Chronic Benign Neutropenia/Agranulocytosis Associated With Non-Clozapine Antipsychotics
To the Editor: Agranulocytosis (absolute neutrophil count, <500/μl) is a potentially life-threatening condition. Clozapine and other antipsychotics are associated with acute agranulocytosis (1). We report the case of a man with chronic and benign neutropenia/agranulocytosis associated with multiple non-clozapine antipsychotics (fluphenazine, olanzapine, flupenthixol, haloperidol, and paliperidone).
Case Report
“Mr. N,” a man in his mid-50s, was diagnosed with paranoid schizophrenia in his early 20s. He had never received clozapine, but he had been taking fluphenazine, 50 mg i.m every 2 weeks, for 20 years when he was initially noted neutropenic in 2003 (Figure 1). In 2004, the neutropenia worsened with the introduction of olanzapine, 10 mg/day, dropping to 500 neutrophils/μl. At this point, both antipsychotics were discontinued and he was started on haloperidol, 5 mg/day. In early 2006, he was switched to flupenthixol, 40 mg i.m every 2 weeks. Mr. N’s absolute neutrophil count dropped to 200/μl, and he was subsequently switched back to fluphenazine (range, 20–60 mg every 2 weeks) late in that same year. In fall 2012, he was admitted as a result of a psychosis exacerbation thought to be related to noncompliance of antipsychotic therapy. On admission, his absolute neutrophil count was noted as 2,100/μl, and this dropped to 400/μl after switching to paliperidone (156 mg every 4 weeks, maintenance dosage). Of note, this pattern had been documented on two prior admissions that were caused by noncompliance followed by acute psychotic exacerbations (Figure 1). The treatment plan included maintaining paliperidone at the lowest dosage possible that would prevent psychosis.
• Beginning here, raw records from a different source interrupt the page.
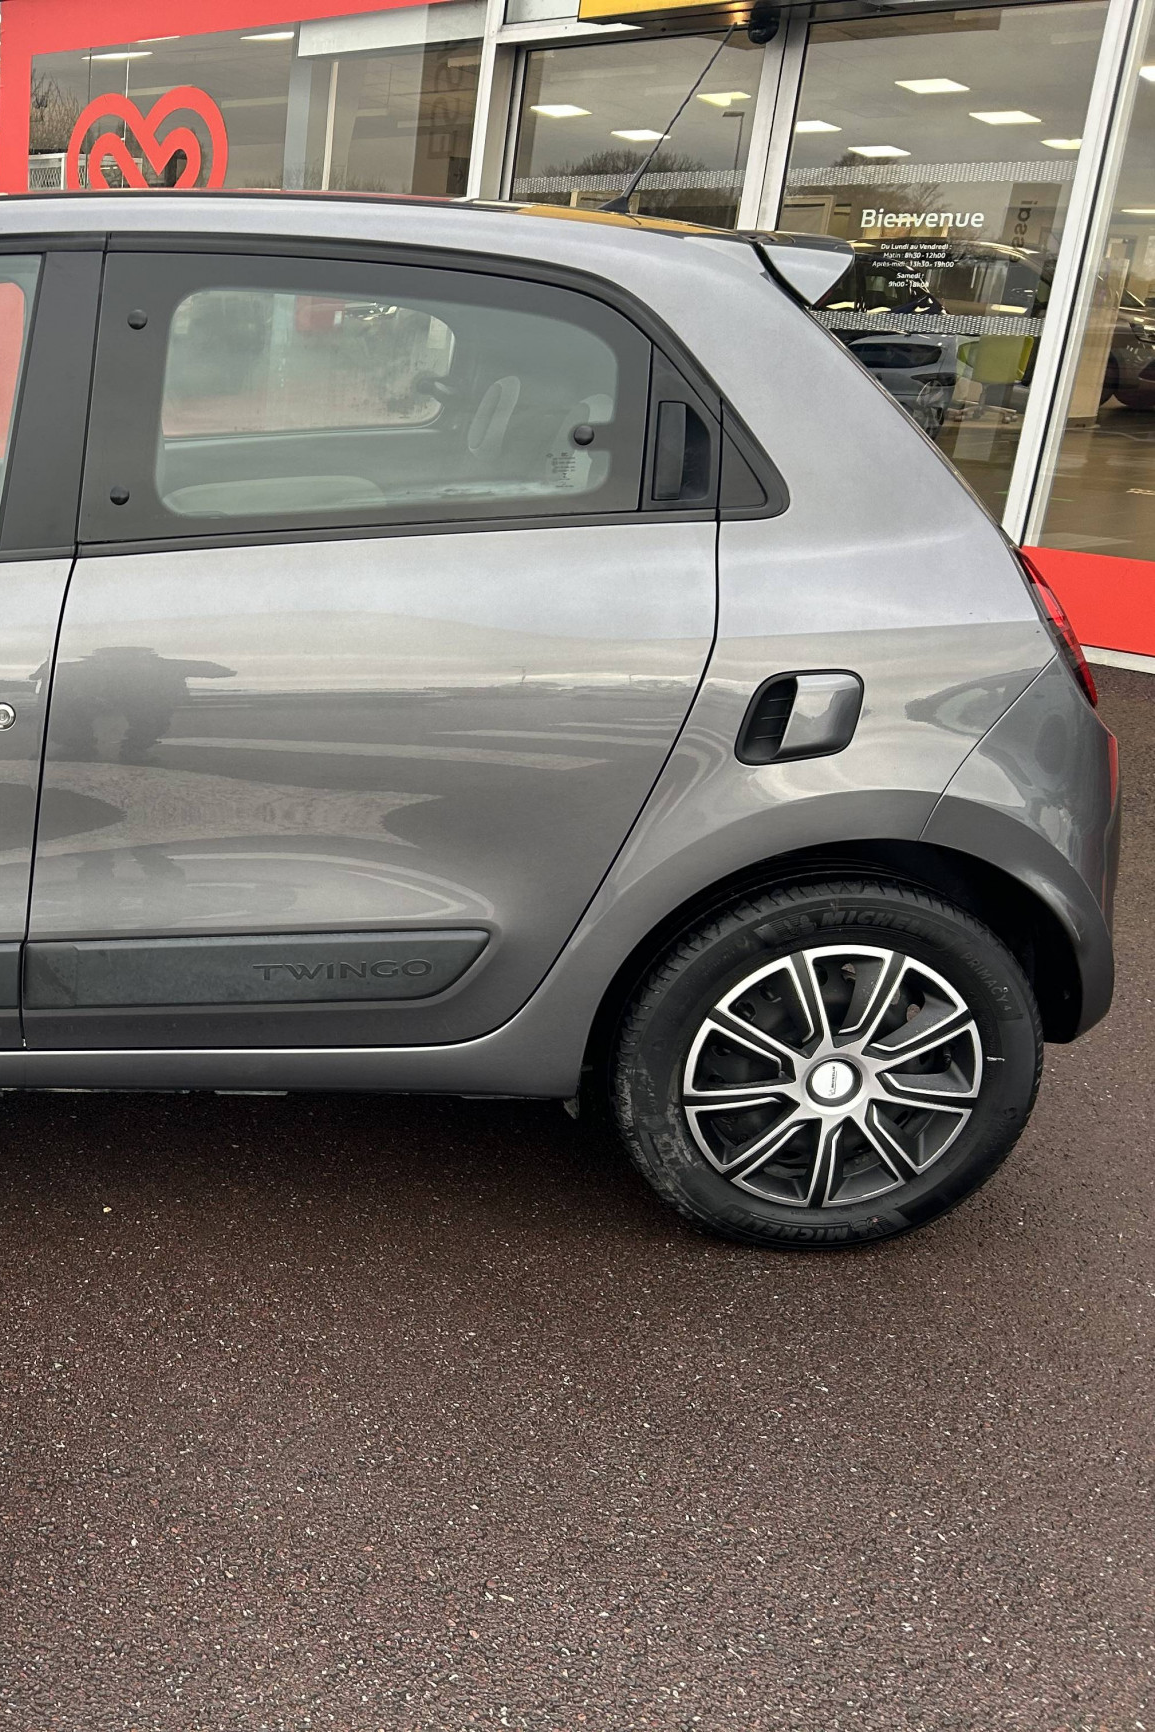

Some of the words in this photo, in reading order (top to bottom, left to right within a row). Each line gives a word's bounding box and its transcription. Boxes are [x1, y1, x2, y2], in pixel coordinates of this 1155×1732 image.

[861, 208, 985, 228] Bienvenue
[934, 260, 955, 268] 19h00
[252, 958, 433, 981] TWINGO
[961, 951, 1009, 1007] PRIMACY
[721, 1208, 847, 1241] MICHELIN
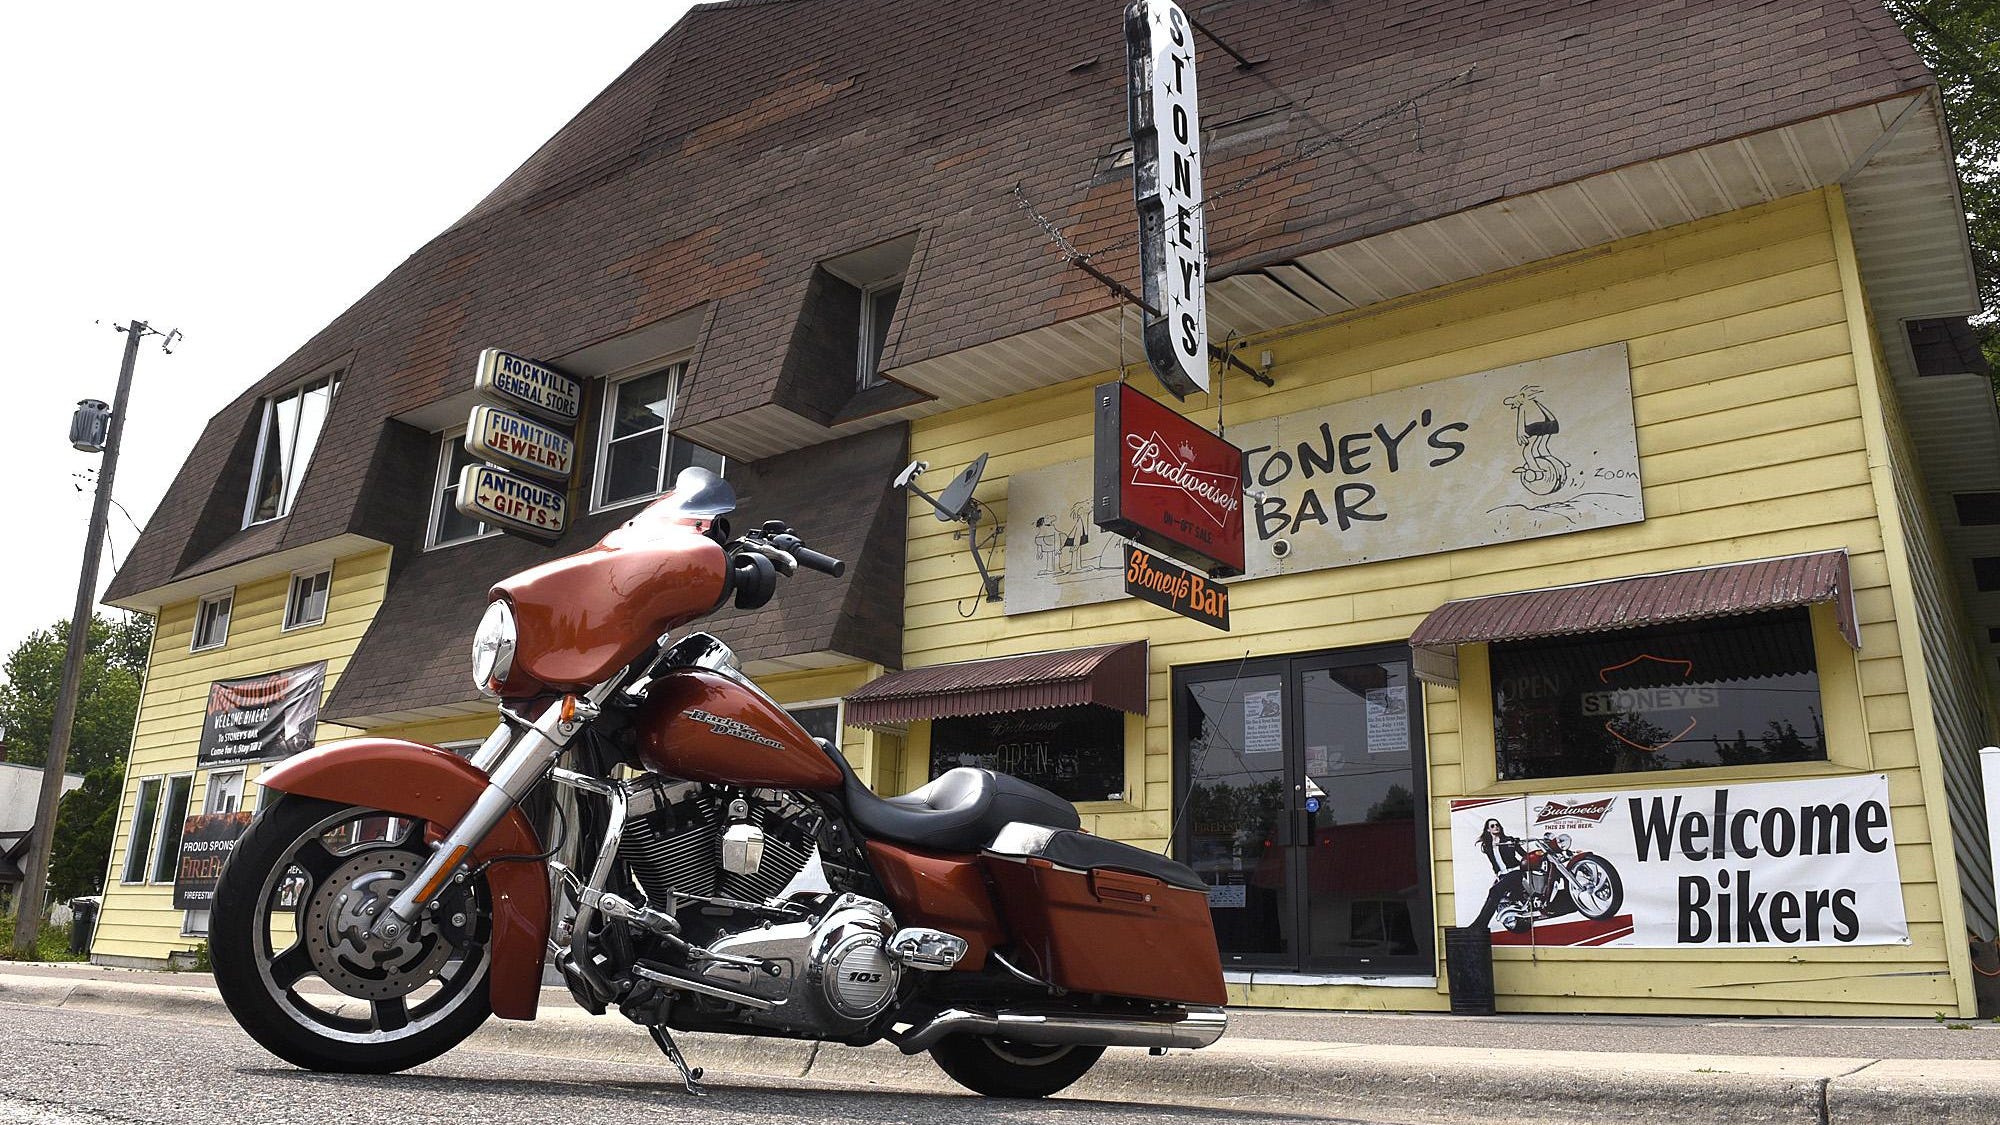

A bone marrow biopsy in February 2006, when Mr. N’s absolute neutrophil count was 300/μl, revealed normal cellularity on the three lines, with adequate white cell precursors and good white cell differentiation, indicating no bone marrow disorder. He was human leukocyte antigen (HLA) II genotyped, showing a DQB1*06 genotype (DRB1*15, DRB1*16, and DQB1*05 were all absent). Over 10 years of follow-up, Mr. N. has never presented with any infectious complication from low absolute neutrophil count or required treatment with granulocyte colony-stimulating factor.
Discussion
The presence of a normal bone marrow biopsy in Mr. N points to a peripheral mechanism of destruction of mature neutrophils. In addition, the patient’s HLA genotype is not associated with autoimmune agranulocytosis, and therefore the most plausible mechanism seems to be hapten mechanism, whereby binding of the drug to the membrane of granulocytes induces antibodies directed to the drug (hapten) (2). The most likely diagnosis is that of idiosyncratic drug-induced chronic benign neutropenia. In our patient, where discontinuation of the likely causative agent(s) of low absolute neutrophil count was not possible because of the extreme risk associated with discontinuation of antipsychotic therapy, a conservative course of action was decided. Lowest dosages of antipsychotics, the avoidance of drugs known to be associated with neutropenia, close and regular monitoring of WBC and absolute neutrophil count, consultation to rule out central or autoimmune mechanisms, and ongoing shared care with hematology were all essential components of excellent care in this complex clinical situation. This approach might be applicable in similar situations other clinicians may encounter.